Just to show what the actual status is, here is the view a query user will see when looking at products (he is looking at Ora$Base):
At the same time, if the owner looks at PRODUCTS (he is in PhaseTwo) he will see the following:
As you can see only the non-modified columns are showing (why? - See the actual code of the view - in short, because we are selecting the new columns...).
Using the code in the documentation we will apply the transformations in the new edition and see what the result will be:
We do the same steps to the fact table to cater for the redefinition of the dimension key (we went from 20 to 40). The details of this are in the code package.
At this point in time we have all data available in the PhaseTwo edition in it current form.
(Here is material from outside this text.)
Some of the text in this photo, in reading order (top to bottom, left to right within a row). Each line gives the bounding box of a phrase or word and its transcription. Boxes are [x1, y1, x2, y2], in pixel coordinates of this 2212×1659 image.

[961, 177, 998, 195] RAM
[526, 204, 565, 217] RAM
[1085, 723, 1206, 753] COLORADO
Now a new ETL record with the following values comes in for the FACT table (SALES): 20, 10, 200, 3, 20. In other words we are still referring to dimension key 20.
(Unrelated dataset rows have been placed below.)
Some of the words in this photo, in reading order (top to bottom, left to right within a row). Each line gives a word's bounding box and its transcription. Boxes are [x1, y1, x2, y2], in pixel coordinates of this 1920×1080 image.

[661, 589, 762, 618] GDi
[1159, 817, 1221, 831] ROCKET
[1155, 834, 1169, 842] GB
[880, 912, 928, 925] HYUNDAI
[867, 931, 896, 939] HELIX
This gives us the following results in the Ora$Base edition, note that the last record refers to dimension key 20 as a product_key:
In the PhaseTwo edition we see the record transformed and we see that the product key field is always 40, even for the new record:
In effect we have updated our data, redefined some codes, added some columns and all of this with no noticeable impact for the end users.
The situation is now as follows:
Now we should change the primary and foreign keys as well so it all refers to the new situation, we do this right before the switch of the users and the load processes. Because the cross edition trigger is in place you will get a key violation on the next generation primary key.
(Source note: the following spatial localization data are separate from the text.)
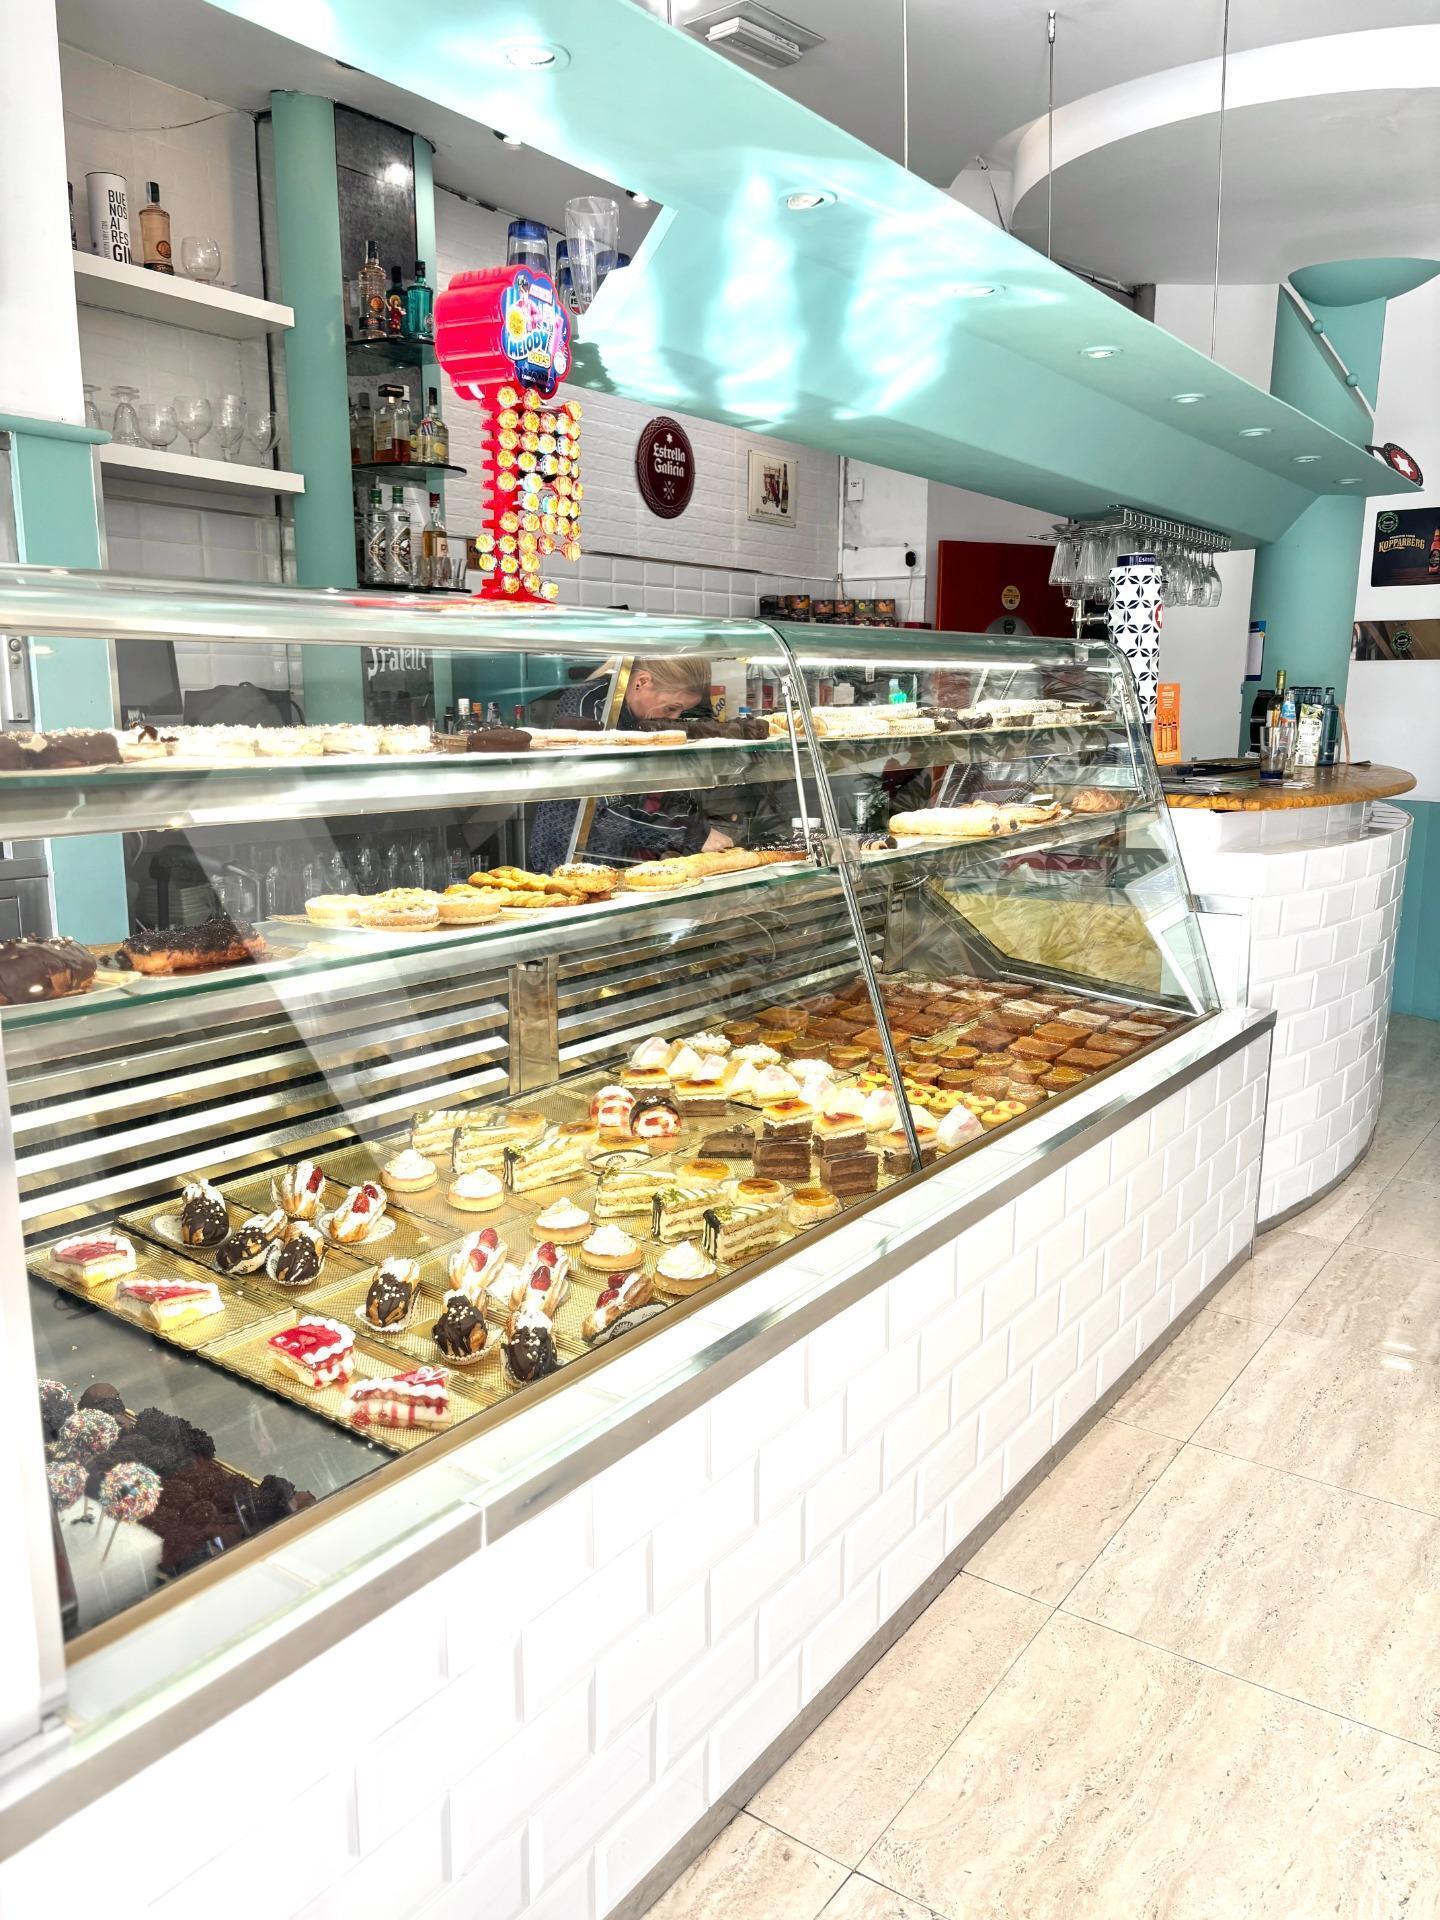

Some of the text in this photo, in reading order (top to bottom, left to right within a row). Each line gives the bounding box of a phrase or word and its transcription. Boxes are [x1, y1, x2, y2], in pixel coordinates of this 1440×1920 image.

[108, 189, 127, 207] BUE
[108, 203, 128, 220] NOS
[110, 217, 120, 231] AI
[111, 230, 129, 246] RES
[508, 331, 549, 358] MELODY
[653, 442, 686, 463] Estrella
[654, 458, 685, 478] Galicia
[1378, 537, 1426, 553] KOPPARBERG
After we change the keys, the PK on PRODUCTS_GEN is named PRODUCT_PK_1. Inserting into the dimension in Ora$Base (there are no keys on PRD_ID_1 in that revision) will give the error coming from the trigger:
Now we are all set and we can switch the edition for all users:
ALTER DATABASE DEFAULT EDITION = PhaseTwo;
After a disconnect and reconnect of any users that were connected, they will see the new status and are by default running on the upgraded edition. Next steps will include the removal of the triggers and the procedures.
Obviously your ETL is now changing as well as there are more fields to fill and the fields have different names. Some of the logic built into the triggers will move into ETL. And this is where the whole testing in development and test comes into place. Just make sure the ETL cut over is a simple as the above for the query users.
The interesting discussion is now whether or not you want to do this exact construct with large batch ETL routines. I would say that when doing this in batch, it may make sense to do a dual data load and use the new logic to populate the new system with the old data. But I'm open to any comments on this...
As you can see we are adding columns to the original table. If you start with a clean sheet of paper, you may consider using Redefinition Views as the query object, and keeping the underlying tables more generic. In other words, rather than using _1 suffixes maybe you can use more common or global names that will allow you to keep the tables within some set naming standards (and not have slightly ad hoc _1 version indicators).
The idea therefore is to work with a level of indirection to the query users... if that makes sense.
Why is this so interesting? Didn't you test this all anyways in your test environment? Yes, all of that is true, as we all test our OLTP app upgrade in the lab. The point is that with this edition based approach I can run the ETL process continuously, everyone keeps on querying without any downtime, and then everything is all of a sudden changed with no downtime for the users. That means no interruption on the business at all... that is what you need when you are running an active data warehouse (or should we call this OLDW for On-Line Data Warehousing?).